Well, maybe it can find new life here. This is probably my closest thing to a “Halloween” poem.
Comments welcome!
Man of Braille
While walking through a field of wheat
a cloudless, listless night,
not far ahead the sky came down
and swelled the air with light --
a mass of seeding dandelions
caught up in a gale,
afloat, afire, like candle lights
hung as blazing hail.
I think, this is a wondrous show,
a marvelous display!
Once in a lifetime, never more,
and so I strode their way.
But listen up!
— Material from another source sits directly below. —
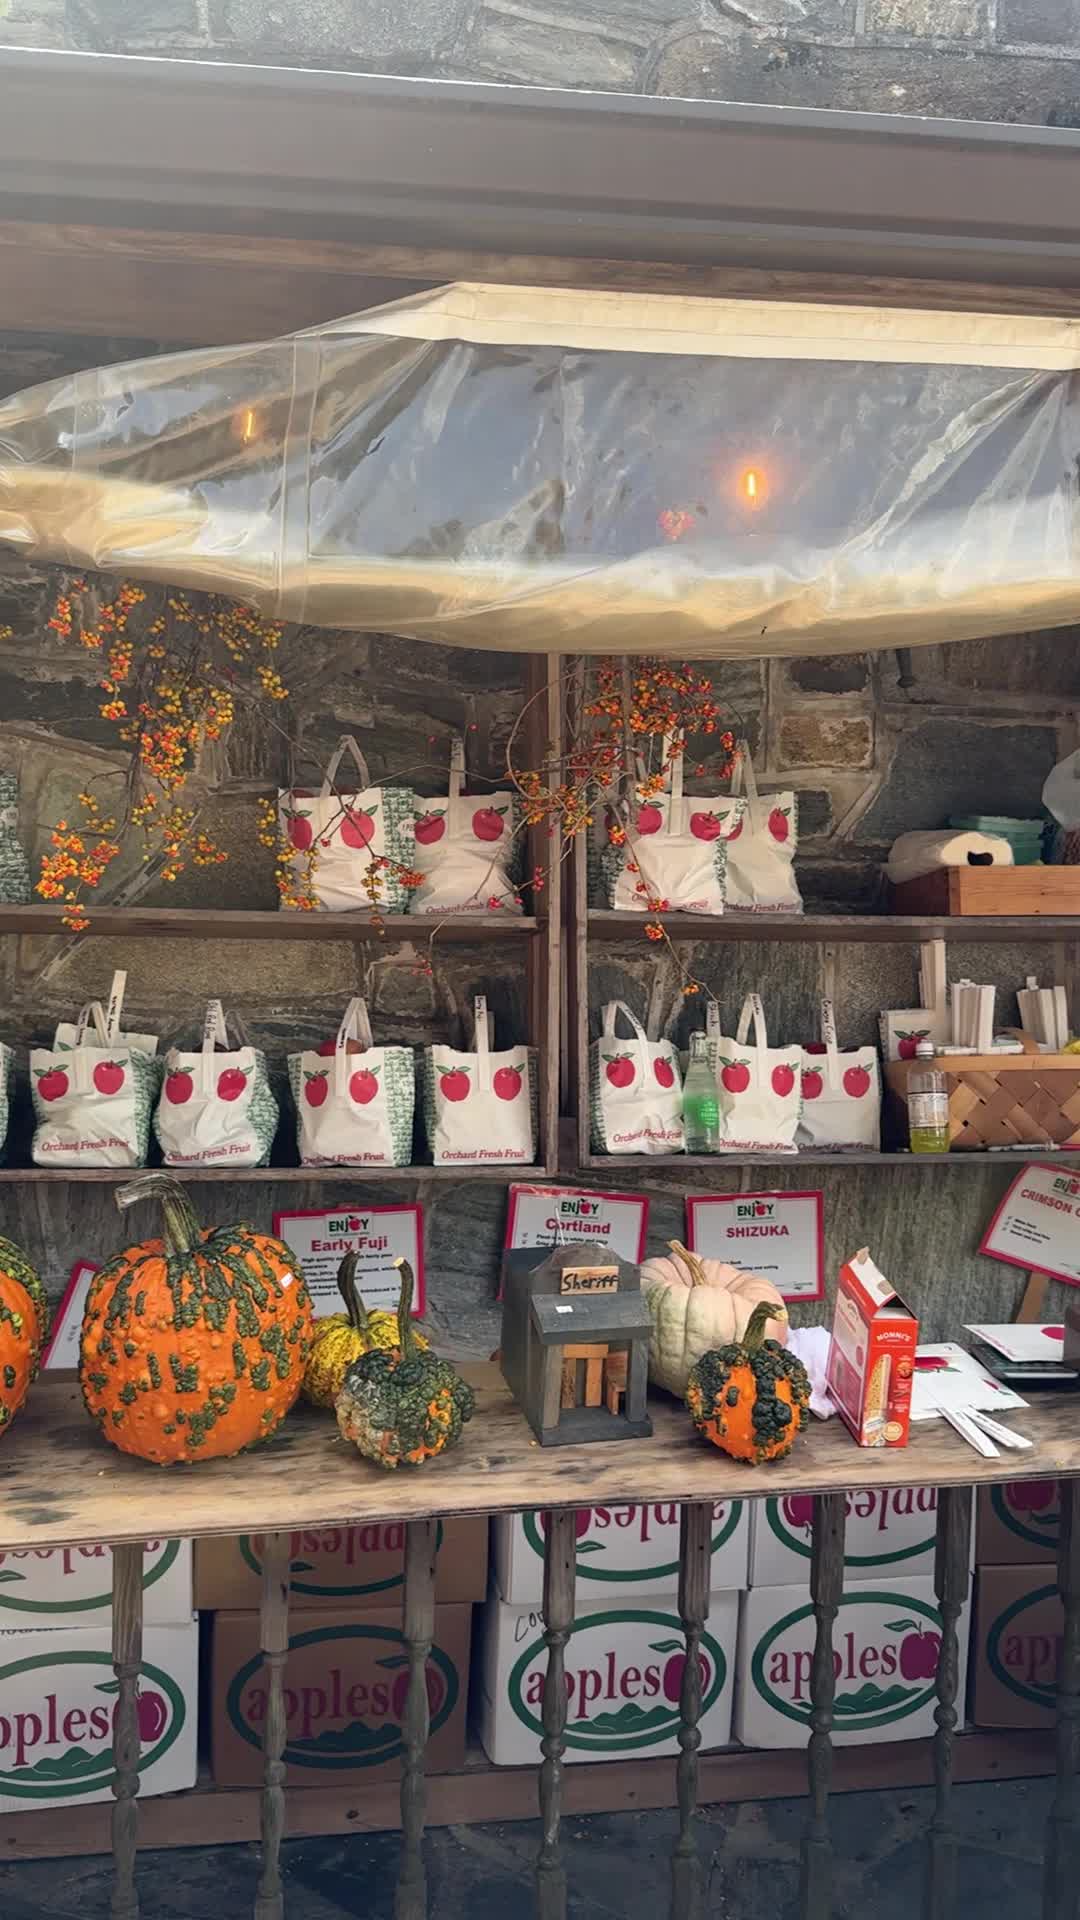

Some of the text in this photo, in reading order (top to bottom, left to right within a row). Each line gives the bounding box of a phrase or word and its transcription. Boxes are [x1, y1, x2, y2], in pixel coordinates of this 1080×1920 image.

No man may go
where stars have made their bed;
you may as well beguile the night,
or walk where demons tread.
A simple mind, I broke their midst
and found myself immersed
in seas of flaming, stolid eyes,
a foreign thing accursed.
Like soldier bees, the swarm compressed
to smother, stifle, drown;
stings and burns upon me rained,
my body beaten down.
My honor is to never die
surrendering to pain,
so wounded, tired that I was,
I fought as one insane.
My might crashed down, my fury raged
and faeries fell like flies
till every star around me lay
dead omens to the wise.
I’ve found moles are to fairies’ touch
the same as warts to toads;
so fathom my appearance now,
The Man of Braille and Codes.
I wonder, did they have an end,
am I a flag unfurled?
Or am I just the mass of scars
that killed the faerie world?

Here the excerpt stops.